In order to obtain the deposition of an absorber layer having the desired composition, in accordance with the invention, instead of a target having stoichiometric composition (i.e., exactly the same composition as that of the layer to be formed) , a target containing an excess of Cu is used. By increasing the percentage of Cu with respect to the sum of In and Ga, the deposition of an absorber layer is obtained having the optimal composition to obtain the maximum efficiency of the cell .
For the other layers, instead, it is possible to use stoichiometric targets, namely, ones having substantially the same composition as that of the corresponding layer to be deposited.
The technique of the invention makes it possible amongst other things to obtain the absorber layer and then deposit thereon the further functional layers of the cell without the absorber layer being subjected to post-treatments such as steps of selenization and/or sulphurization, i.e., thermal treatments in hydroselenic acid (H2Se) and/or .hydrosulphuric acid (H2S) .

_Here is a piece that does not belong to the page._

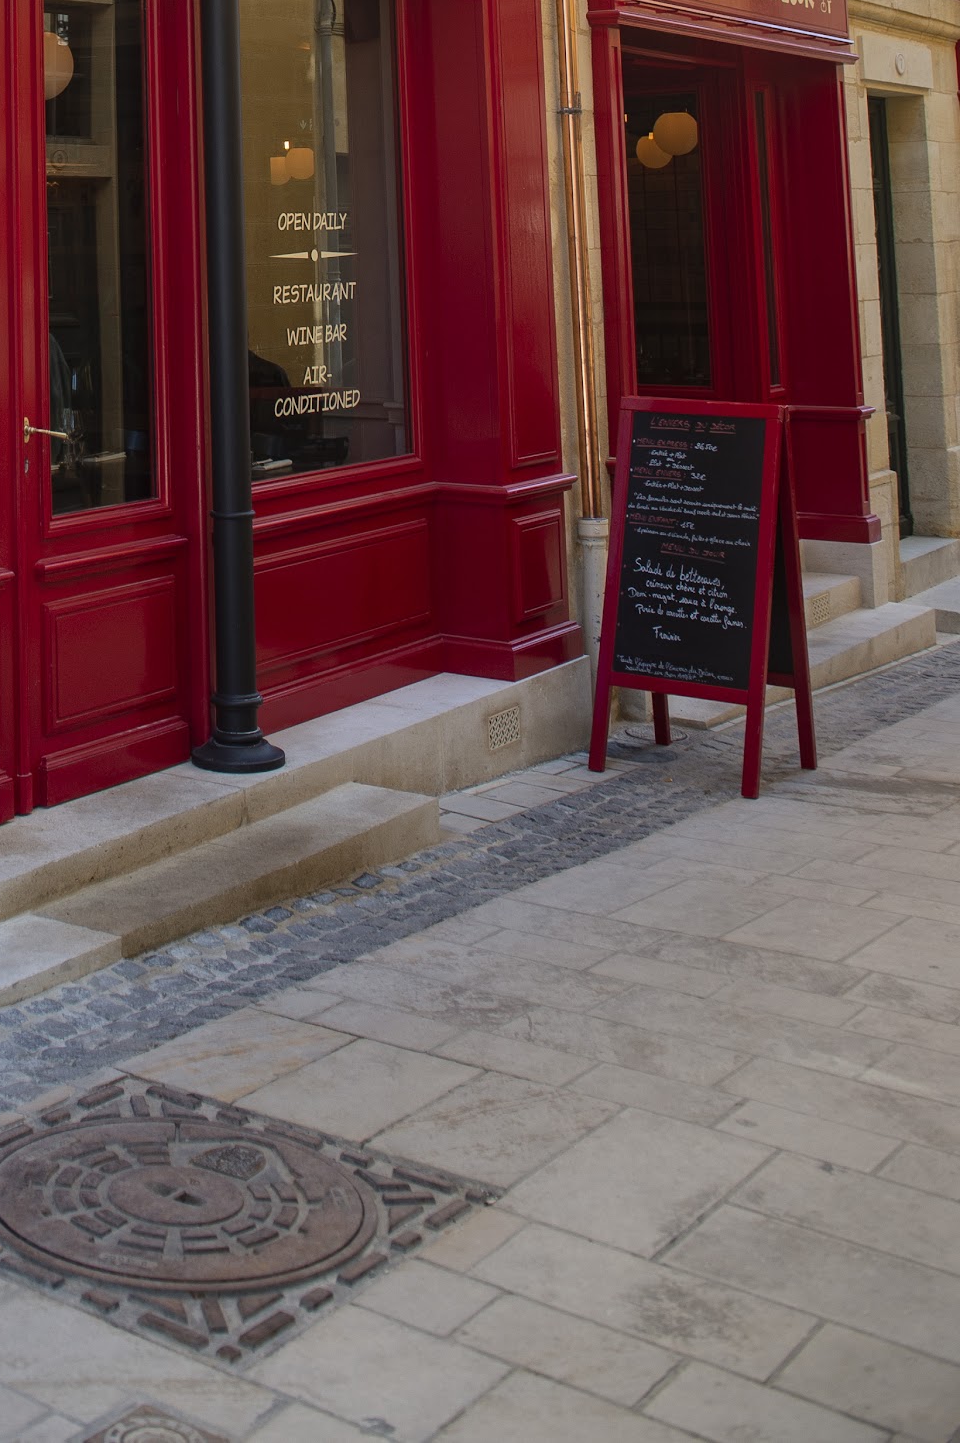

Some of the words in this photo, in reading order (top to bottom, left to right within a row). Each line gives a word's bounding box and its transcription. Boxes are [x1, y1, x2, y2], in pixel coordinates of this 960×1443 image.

The method of the invention further comprises a possible step of modulation of the composition of the absorber layer, in particular the ratio between the concentration of Cu and In, using a target with an excess of Cu with respect to the stoichiometric composition of the absorber layer to be formed, and varying the energy conditions of the electron beam sent onto the target in the pulsed-electron deposition process. In particular, the stage of deposition of the absorber layer is carried out by varying the energy conditions of the electron beam to vary the ratio between In and its substituents Ga and Al and create a composition gradient along the thickness of the absorber layer.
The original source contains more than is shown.